I think what’s been great about joining Trillium at this time is that I think the team that I have want to change, they want to progress, they want to do things differently, and that’s made, I think, a lot of the difference.

So again, these cultural issues are very similar organization to organization, and I think we know the culture that works. The key question is whether you have the team that is ready to make that change with you.

Marty Parker:
You can do different things, but to do them in a sustained way requires people buying in and behaving consistently, and you’ve done that. But you also have a bit of a different leadership style than maybe some.
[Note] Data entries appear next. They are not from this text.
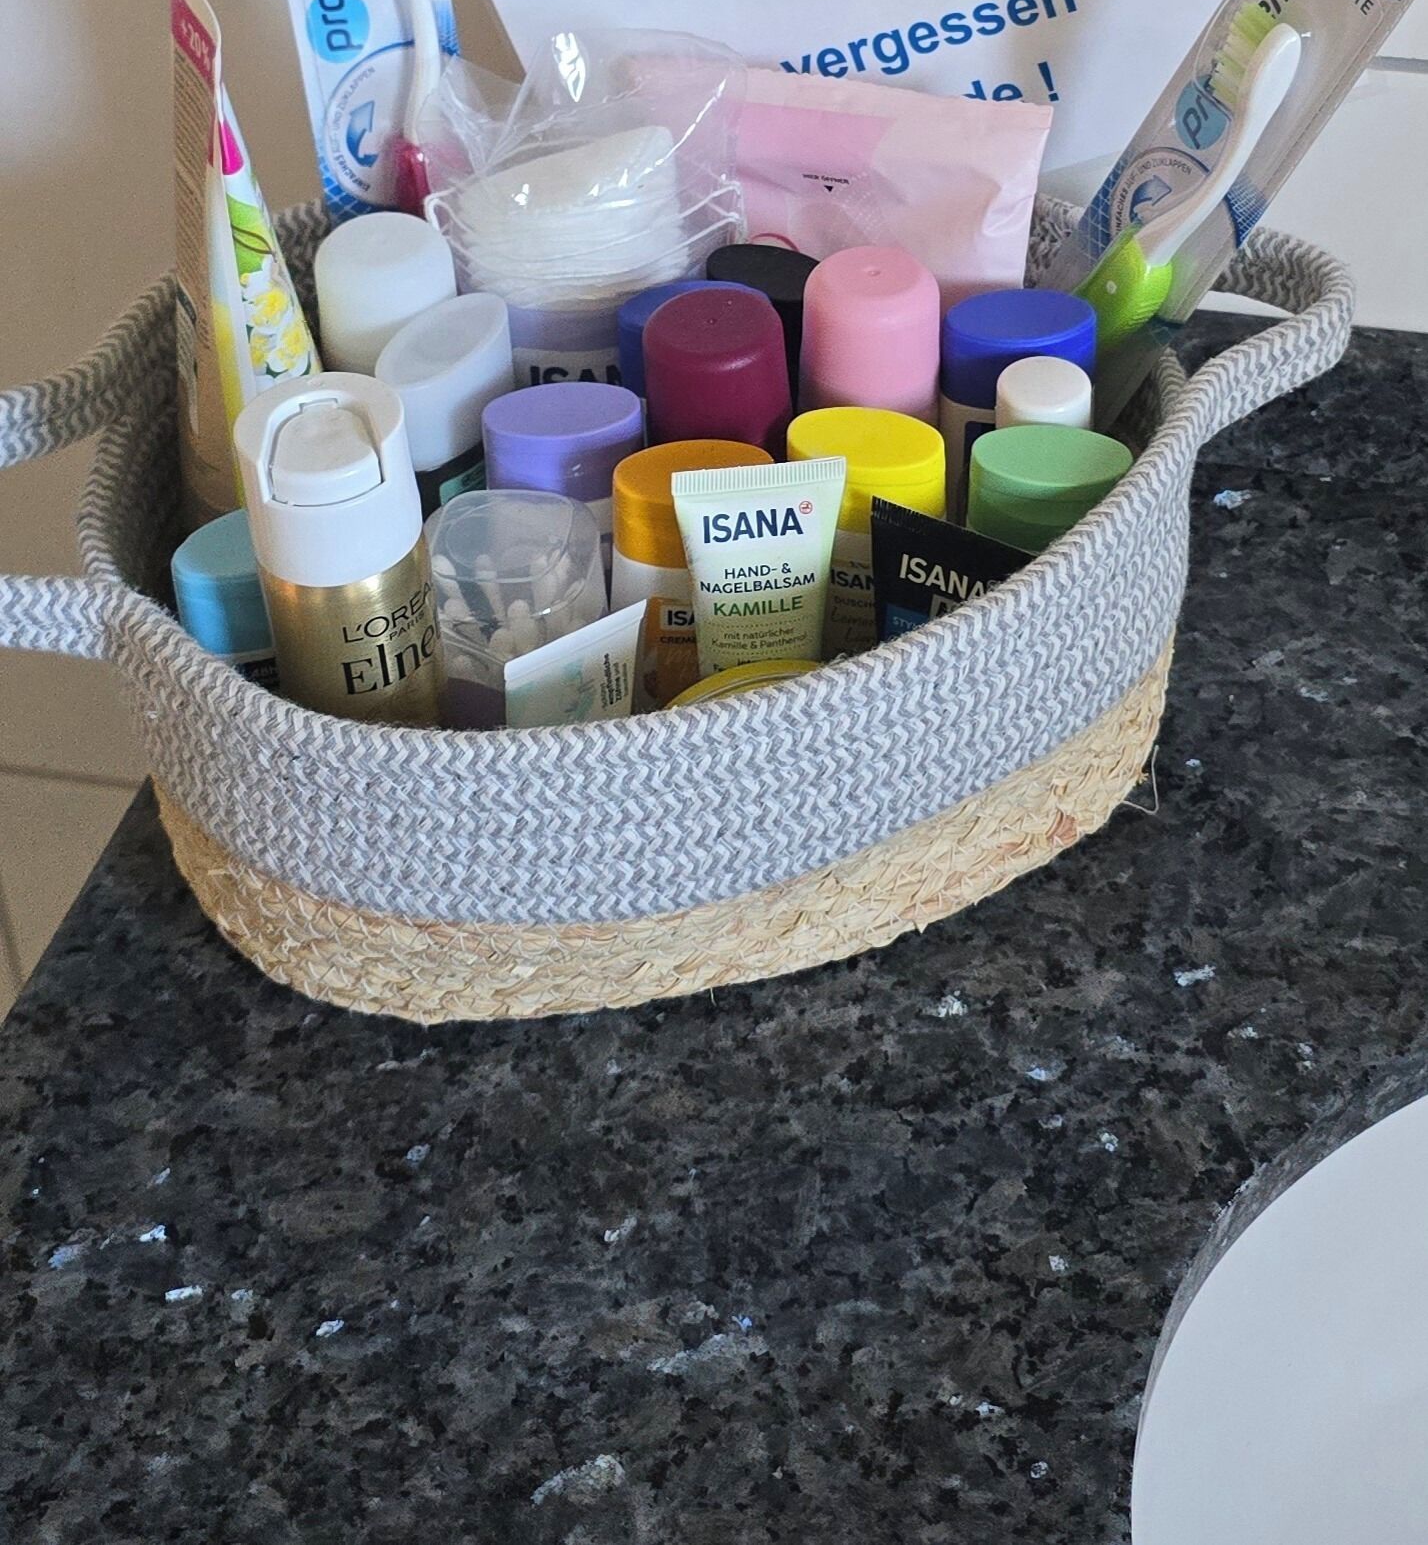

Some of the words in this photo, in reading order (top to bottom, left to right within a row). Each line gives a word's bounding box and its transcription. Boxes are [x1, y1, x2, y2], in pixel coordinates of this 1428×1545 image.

[703, 507, 804, 544] ISANA
[724, 564, 778, 580] HAND-
[781, 562, 792, 574] &
[899, 553, 986, 600] ISANA
[699, 572, 816, 594] NAGELBALSAM
[713, 595, 804, 617] KAMILLE
[711, 638, 748, 650] Kamille
[750, 641, 758, 649] &
[724, 631, 740, 640] mit
[742, 626, 795, 641] natürlicher
And not just focused on where you are today, but where you really want to be. But what challenges have you faced in terms of having that kind of leadership style, and what kind of impact do you think that that’s had on the organizations that you’ve worked with?

Caroline Riseboro:
I think there’s the sense that there’s almost kind of two kinds of leaders that can instigate change. You have your leader that kind of comes in and like goes down on it hard, and let’s say, gets rid of the team, starts with new people and kind of pushes, pushes, pushes, but then they can’t stay at the organization because they’ve had to do so much pushing and the hard work that now they have to sort of move on to the next to create, because they’ve created that change and they’ve had to do so, so hard that it’s really hard for them to stay.

Then there is kind of the idea of bringing the leader in that can really kind of sustain and maybe they’re kind of a bit of a slower in terms of the change, but it’s longer term and they’re meant to stay there for the long-term. And usually, they follow the leader who’s come in and transformed.

I think quite honestly, it’s an artificial dichotomy that we’re setting up for people, to kind of say that leaders have to sort of fall within those categories. And I hope that I’ve been the leader that’s actually bridged the gap between the two. I think I can push change, but I can do it in a way that’s sustainable, where I can stay for the long run. And I think, actually, it can work better, because as leaders kind of come through organizations, it can create a lot of inertia. So you want to bring in people that can stay for a while and create really sustainable change. It might be a little bit slower, but I always say, you got to slow down sometimes, at the beginning, to speed things up later on.

So as I go into organizations, I take enough time. I don’t do it super fast, I don’t do it super slow; I take enough time to assess where the opportunities are, assess where the culture is at, assess where we need to go with the culture to realize high performance, and then get us there. And that includes having to transform Boards and the way they think, and having to transform your stakeholders, and that just takes time. And you can push it through, but it’s going to be hard to maintain it, so you’ve just got to keep at it, as we were just talking about.